Nematode worms burrowing through the soil encounter thousands of species of bacteria, but how do they find safe food choices from this vast buffet? A major part of the nematode’s ability to distinguish between food sources relies on a sophisticated chemosensory system that enables it to sense and respond to a wide range of volatile and water-soluble chemicals. During the past decade, the roundworm Caenorhabditis elegans has become a popular model for the study of host/pathogen relationships, leading to a wealth of information about microbial virulence factors and host defense pathways. Although the complicated interactions between C. elegans and the many pathogens that it encounters in the soil have become clearer in recent years, there is still much to learn. What are the cues that worms use to detect food sources? How do worms choose which bacterial species to eat and which to leave alone? Once a pathogen is encountered, what are the microbial killing mechanisms and the nematode’s survival mechanisms? This paper provides a rare view of one C. elegans/pathogen relationship. It describes the signals Bacillus nematocida uses to attract C. elegans, the virulence factors it uses to kill worms from within, and the specific host proteins targeted.

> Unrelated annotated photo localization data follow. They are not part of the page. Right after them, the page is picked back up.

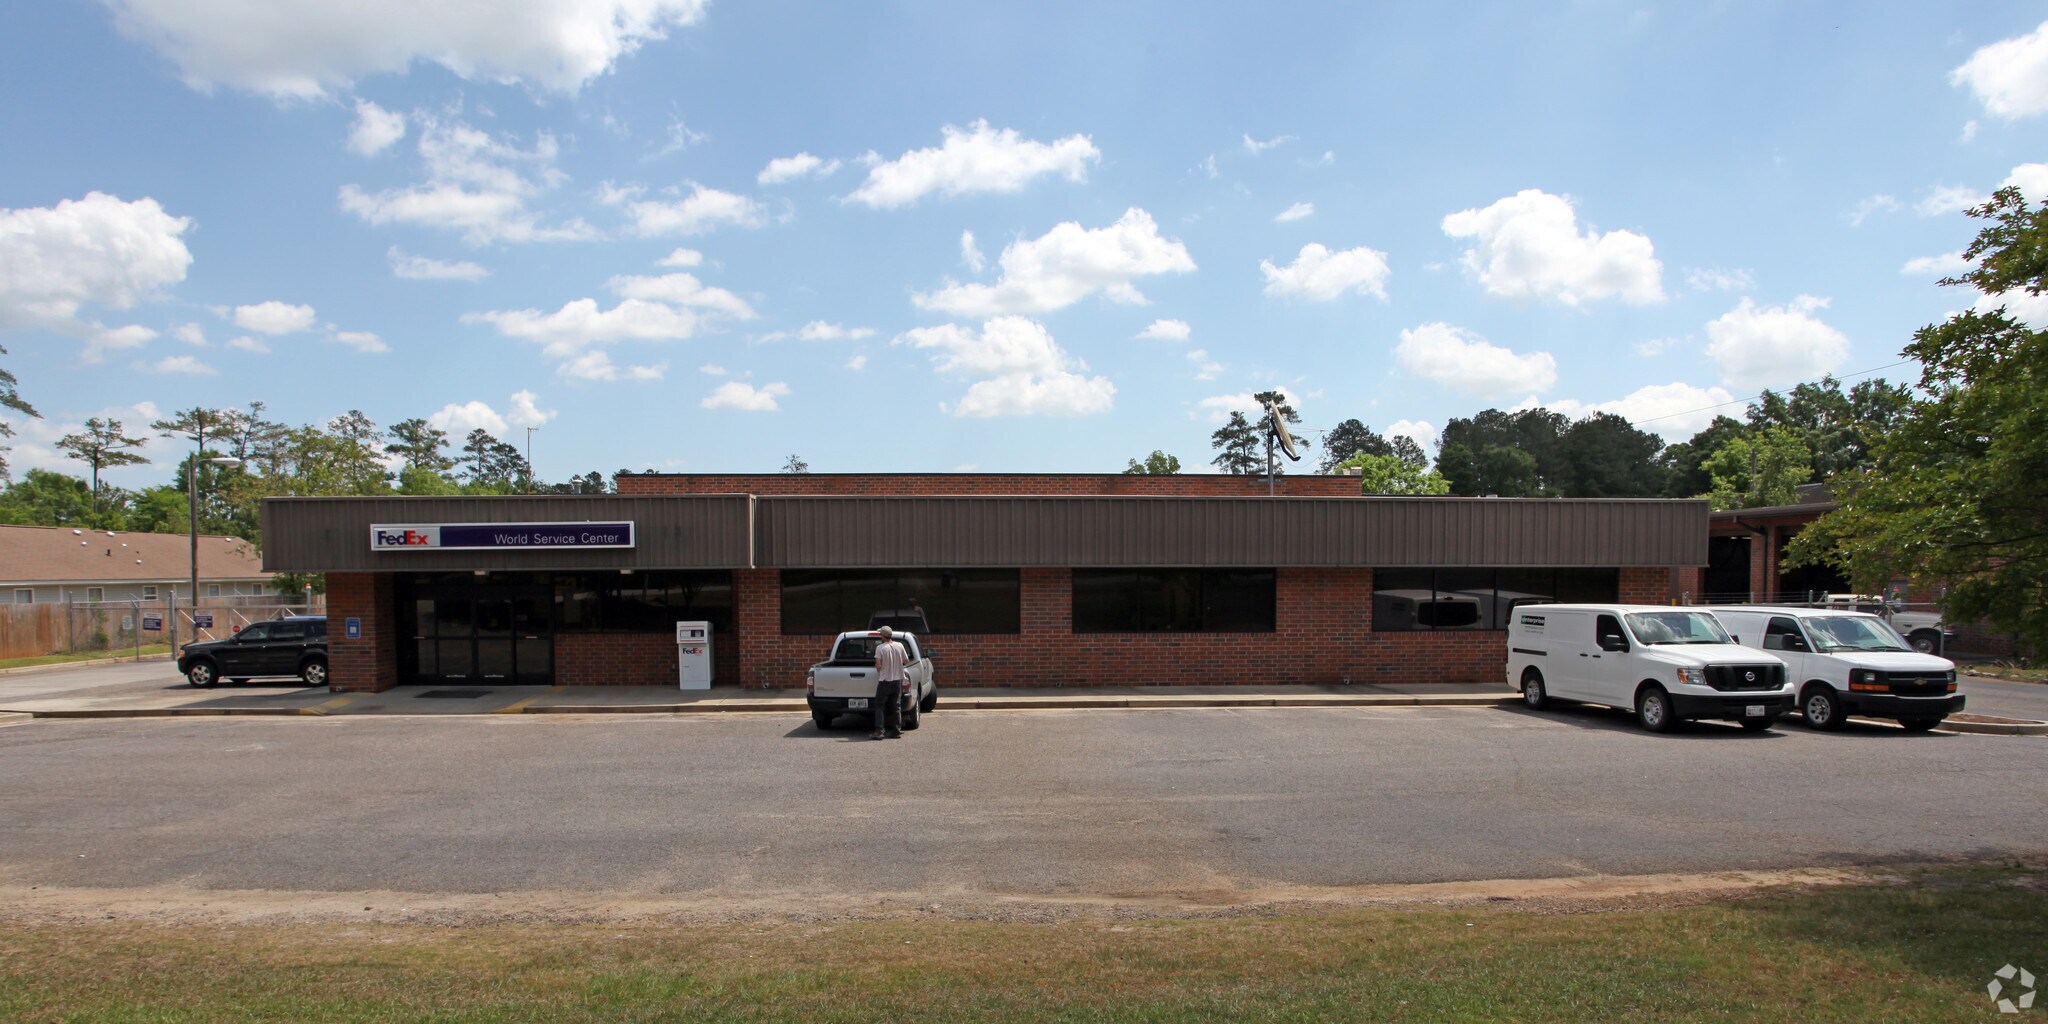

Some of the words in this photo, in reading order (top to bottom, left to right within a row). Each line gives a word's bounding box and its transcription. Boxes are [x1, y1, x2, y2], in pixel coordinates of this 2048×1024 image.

[377, 529, 429, 545] FedEx
[494, 533, 528, 544] World
[533, 533, 576, 544] Service
[581, 532, 620, 543] Center
[682, 647, 704, 655] FedEx

A Trojan horse mechanism of bacterial pathogenesis against nematodes. (2010) PNAS USA 107 (38) 16631–16636
Understanding the mechanisms of host–pathogen interaction can provide crucial information for successfully manipulating their rela- tionships. Because of its genetic background and practical advantages over vertebrate model systems, the nematode Caenorhabditis elegans model has become an attractive host for studying microbial pathogenesis. Here we report a “Trojan horse” mechanism of bacterial pathogenesis against nematodes. We show that the bacterium Bacillus nematocida B16 lures nematodes by emitting potent volatile organic compounds that are much more attractive to worms than those from ordinary dietary bacteria. Seventeen B. nematocida-attractant volatile organic compounds are identified, and seven are individually confirmed to lure nematodes. Once the bacteria enter the intestine of nematodes, they secrete two proteases with broad substrate ranges but preferentially target essential intestinal proteins, leading to nematode death. This Trojan horse pattern of bacterium–nematode interaction enriches our understanding of microbial pathogenesis.